Dataset entries
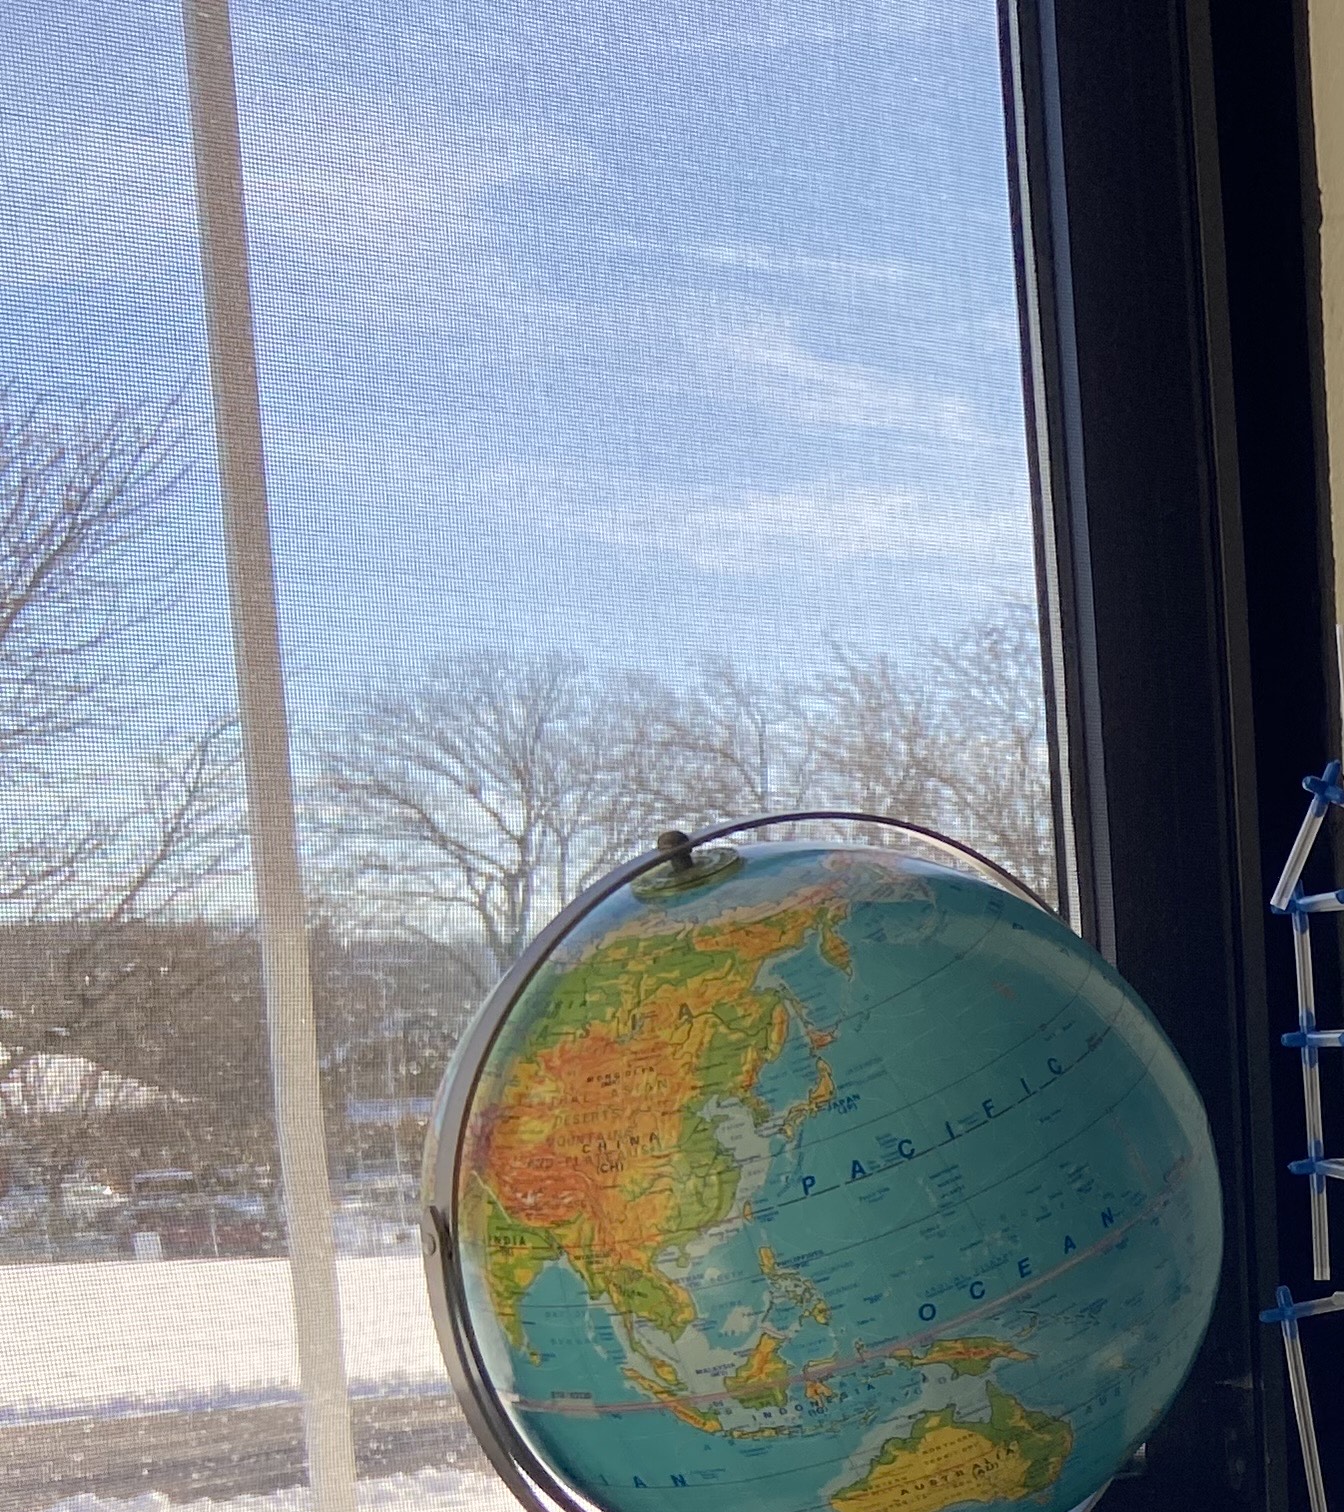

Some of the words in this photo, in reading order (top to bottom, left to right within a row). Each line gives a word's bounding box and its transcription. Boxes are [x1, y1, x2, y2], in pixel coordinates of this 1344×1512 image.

[827, 1094, 861, 1111] JAPAN
[582, 1131, 660, 1154] CHINA
[801, 1057, 1064, 1197] PACIFIC
[488, 1235, 526, 1246] INDIA
[918, 1207, 1115, 1322] OCEAN
[900, 1447, 1015, 1496] AUSTRALIA
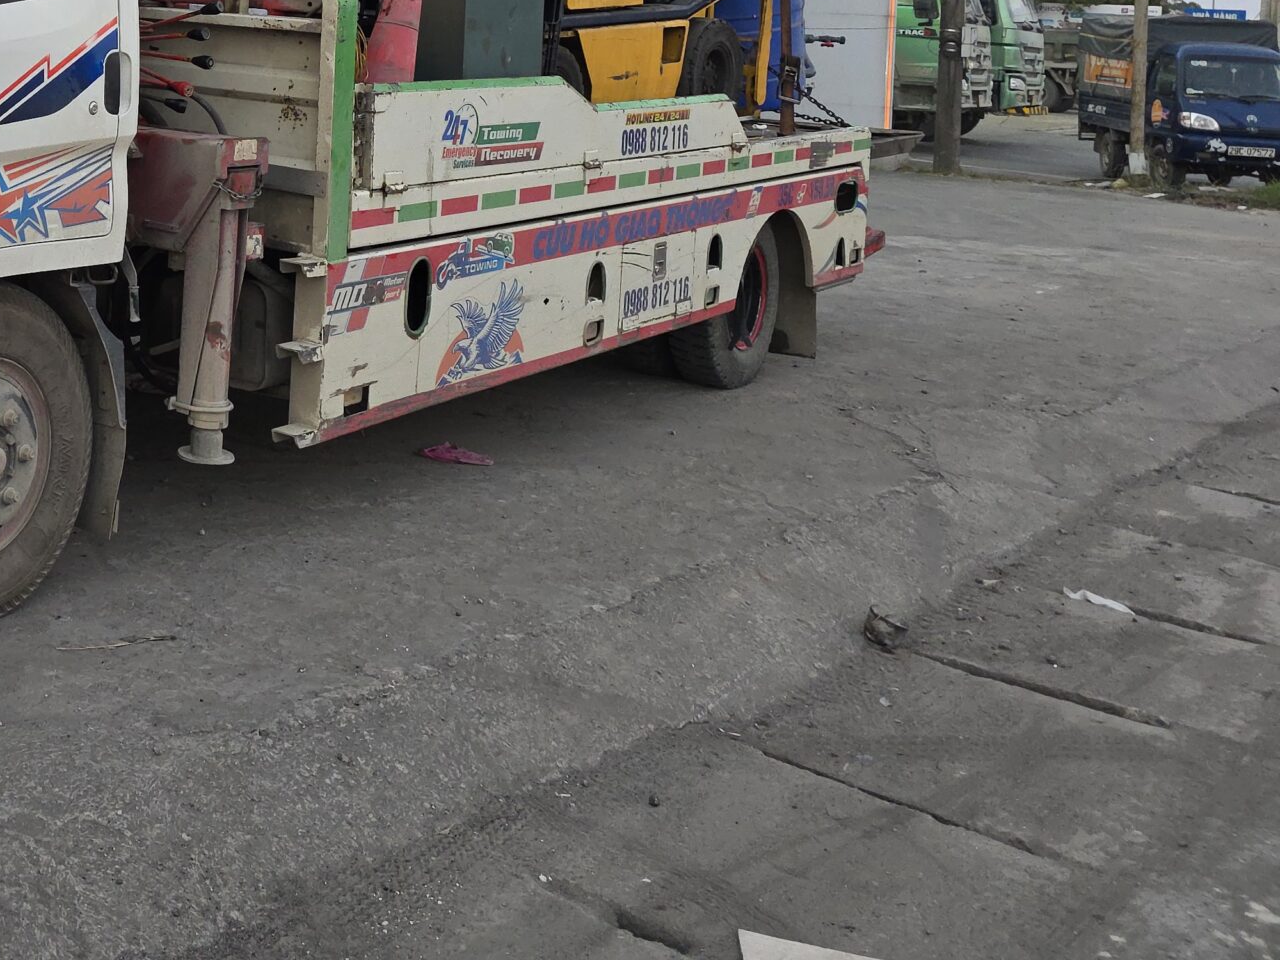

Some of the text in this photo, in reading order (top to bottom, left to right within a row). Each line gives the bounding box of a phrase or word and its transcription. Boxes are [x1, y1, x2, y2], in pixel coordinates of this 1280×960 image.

[481, 126, 523, 141] Towing
[621, 123, 688, 156] 0988 812 116
[480, 147, 537, 162] Recovery
[614, 209, 662, 243] GIAO
[464, 259, 498, 274] TOWING
[624, 275, 690, 318] 0988 812 116
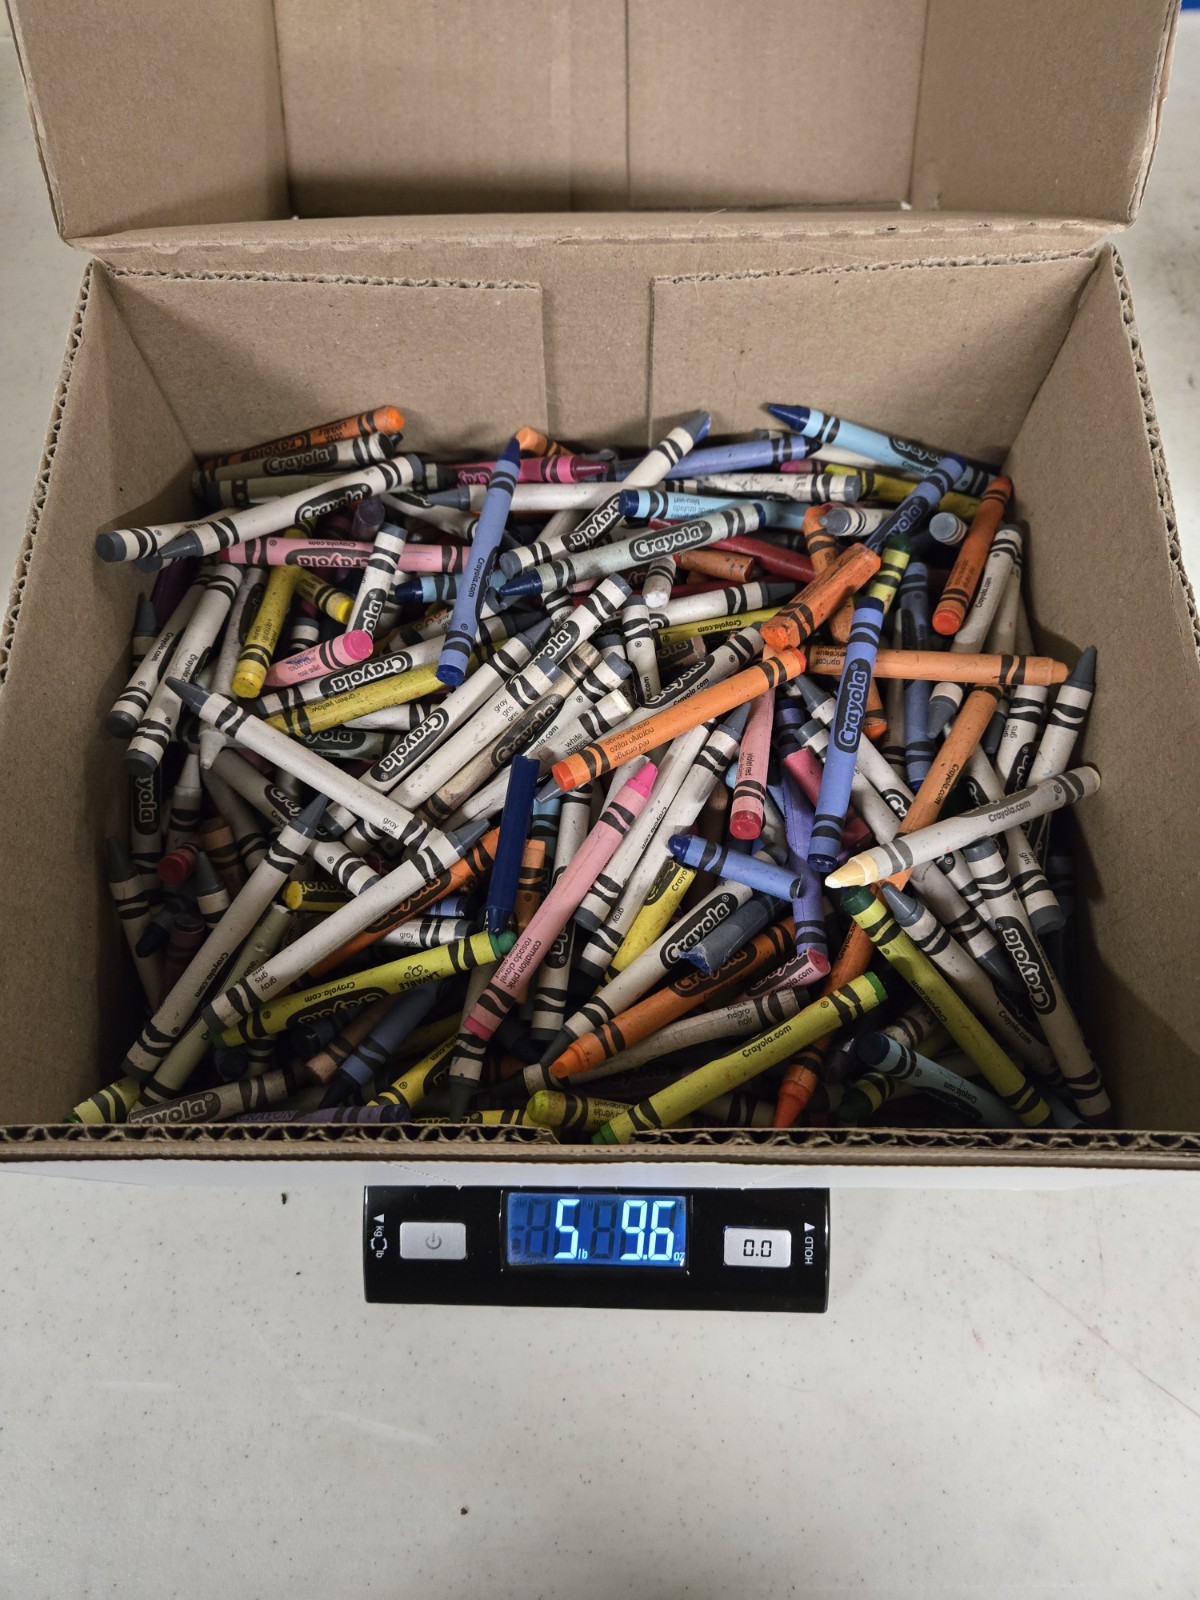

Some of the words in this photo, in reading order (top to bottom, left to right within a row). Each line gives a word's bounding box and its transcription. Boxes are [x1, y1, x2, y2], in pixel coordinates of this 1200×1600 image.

[267, 449, 330, 473] Crayola
[308, 540, 356, 548] Crayola.com
[634, 526, 702, 558] Crayola
[467, 557, 486, 598] Crayola.com
[975, 577, 992, 608] Crayola.com
[697, 619, 742, 633] Crayola.com
[151, 632, 175, 662] Crayola.com
[332, 655, 407, 693] Crayola
[494, 698, 508, 713] gray
[502, 705, 514, 717] gris
[838, 670, 868, 747] Crayola
[380, 711, 445, 772] Crayola
[498, 703, 556, 762] Crayola
[564, 732, 583, 749] white
[629, 727, 655, 745] naranja
[610, 740, 629, 753] rojizo
[613, 745, 638, 762] orange
[637, 740, 651, 752] red
[934, 763, 959, 806] Crayola.com
[382, 816, 399, 830] gray
[988, 800, 1032, 823] Crayola.com
[612, 907, 625, 924] gray
[399, 931, 415, 942] gray
[666, 902, 730, 963] Crayola
[510, 936, 532, 962] rosado
[516, 940, 542, 975] carnation
[195, 952, 229, 998] Crayola.com
[399, 970, 441, 989] LAVABLE
[499, 961, 517, 985] clavel
[506, 968, 523, 990] pink
[1002, 927, 1051, 1010] Crayola
[260, 976, 277, 991] gray
[304, 981, 356, 1003] Crayola.com
[911, 980, 947, 1023] Crayola.com
[737, 1016, 753, 1027] noir
[999, 1009, 1033, 1045] Crayola.com
[742, 1024, 793, 1058] Crayola.com
[943, 1081, 977, 1104] Crayola.com
[374, 1226, 384, 1239] kg
[554, 1198, 580, 1260] 5
[620, 1199, 676, 1261] 9.6
[743, 1239, 772, 1258] 0.0
[803, 1235, 814, 1265] HOLD
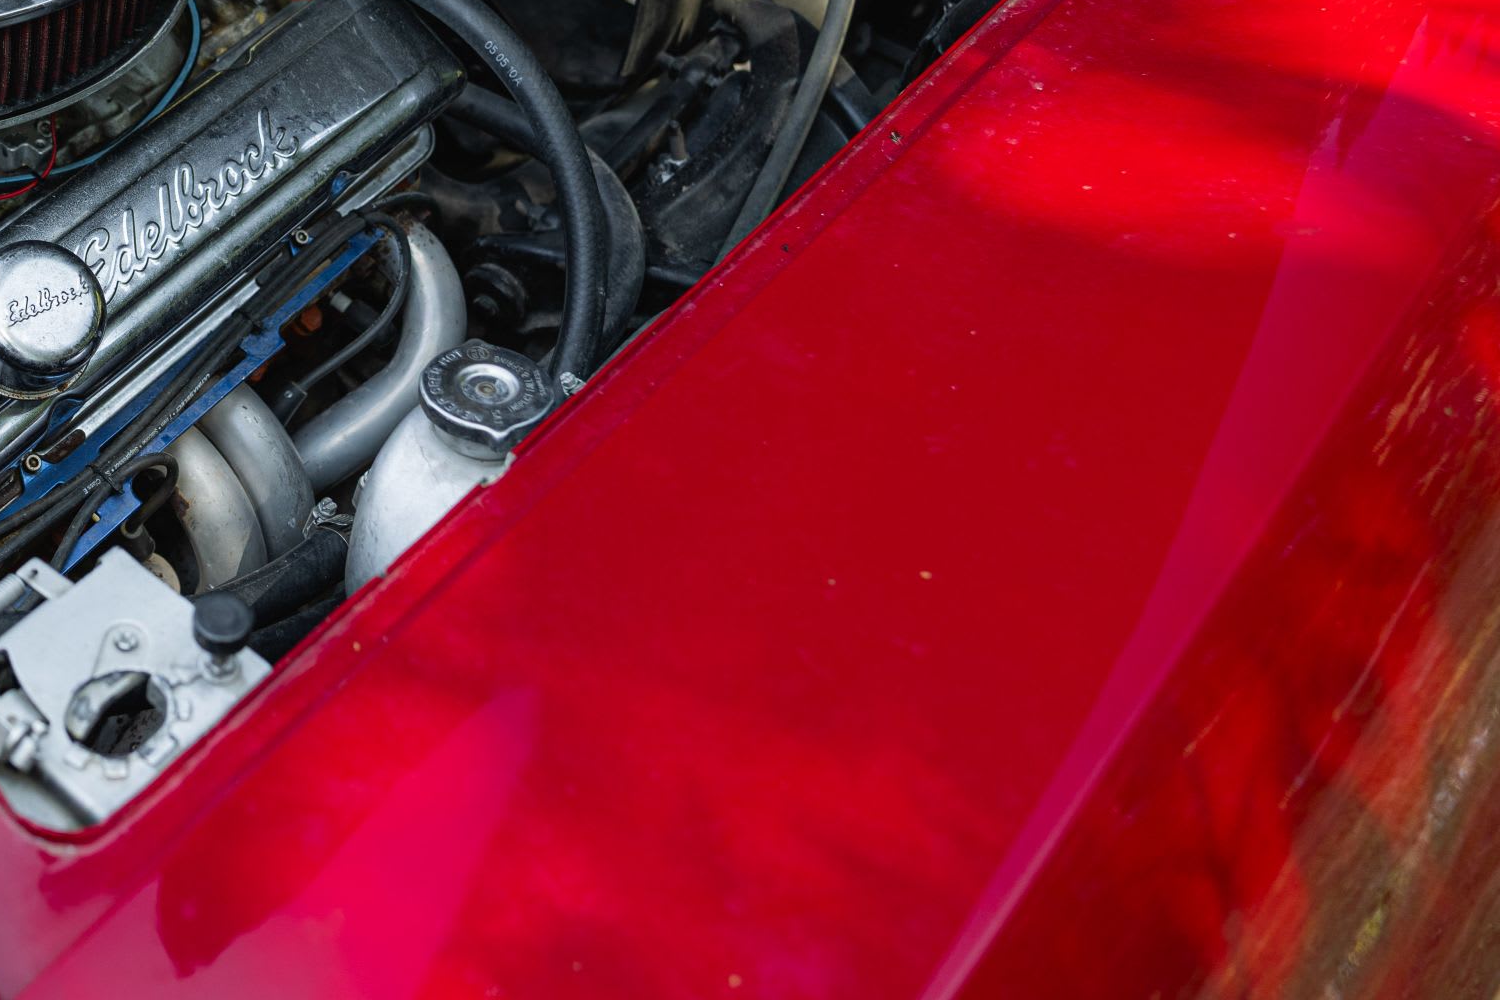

* DIRECTIONS FOR THIS TASK *
Set down every record exactly as written, but drop the pictures.

* SOLUTION TO THE PROBLEM *
Some of the words in this photo, in reading order (top to bottom, left to right within a row). Each line gives a word's bounding box and its transcription. Boxes are [x1, y1, x2, y2], in pixel coordinates of this 1344×1512 image.

[827, 1094, 861, 1111] JAPAN
[582, 1131, 660, 1154] CHINA
[801, 1057, 1064, 1197] PACIFIC
[488, 1235, 526, 1246] INDIA
[918, 1207, 1115, 1322] OCEAN
[900, 1447, 1015, 1496] AUSTRALIA

Some of the text in this photo, in reading order (top to bottom, left to right within a row). Each line gives the bounding box of a phrase or word and its transcription. Boxes are [x1, y1, x2, y2], in pixel coordinates of this 1280×960 image.

[481, 126, 523, 141] Towing
[621, 123, 688, 156] 0988 812 116
[480, 147, 537, 162] Recovery
[614, 209, 662, 243] GIAO
[464, 259, 498, 274] TOWING
[624, 275, 690, 318] 0988 812 116

Some of the words in this photo, in reading order (top to bottom, left to right within a row). Each line gives a word's bounding box and its transcription. Boxes are [x1, y1, x2, y2], in pixel coordinates of this 1200×1600 image.

[267, 449, 330, 473] Crayola
[308, 540, 356, 548] Crayola.com
[634, 526, 702, 558] Crayola
[467, 557, 486, 598] Crayola.com
[975, 577, 992, 608] Crayola.com
[697, 619, 742, 633] Crayola.com
[151, 632, 175, 662] Crayola.com
[332, 655, 407, 693] Crayola
[494, 698, 508, 713] gray
[502, 705, 514, 717] gris
[838, 670, 868, 747] Crayola
[380, 711, 445, 772] Crayola
[498, 703, 556, 762] Crayola
[564, 732, 583, 749] white
[629, 727, 655, 745] naranja
[610, 740, 629, 753] rojizo
[613, 745, 638, 762] orange
[637, 740, 651, 752] red
[934, 763, 959, 806] Crayola.com
[382, 816, 399, 830] gray
[988, 800, 1032, 823] Crayola.com
[612, 907, 625, 924] gray
[399, 931, 415, 942] gray
[666, 902, 730, 963] Crayola
[510, 936, 532, 962] rosado
[516, 940, 542, 975] carnation
[195, 952, 229, 998] Crayola.com
[399, 970, 441, 989] LAVABLE
[499, 961, 517, 985] clavel
[506, 968, 523, 990] pink
[1002, 927, 1051, 1010] Crayola
[260, 976, 277, 991] gray
[304, 981, 356, 1003] Crayola.com
[911, 980, 947, 1023] Crayola.com
[737, 1016, 753, 1027] noir
[999, 1009, 1033, 1045] Crayola.com
[742, 1024, 793, 1058] Crayola.com
[943, 1081, 977, 1104] Crayola.com
[374, 1226, 384, 1239] kg
[554, 1198, 580, 1260] 5
[620, 1199, 676, 1261] 9.6
[743, 1239, 772, 1258] 0.0
[803, 1235, 814, 1265] HOLD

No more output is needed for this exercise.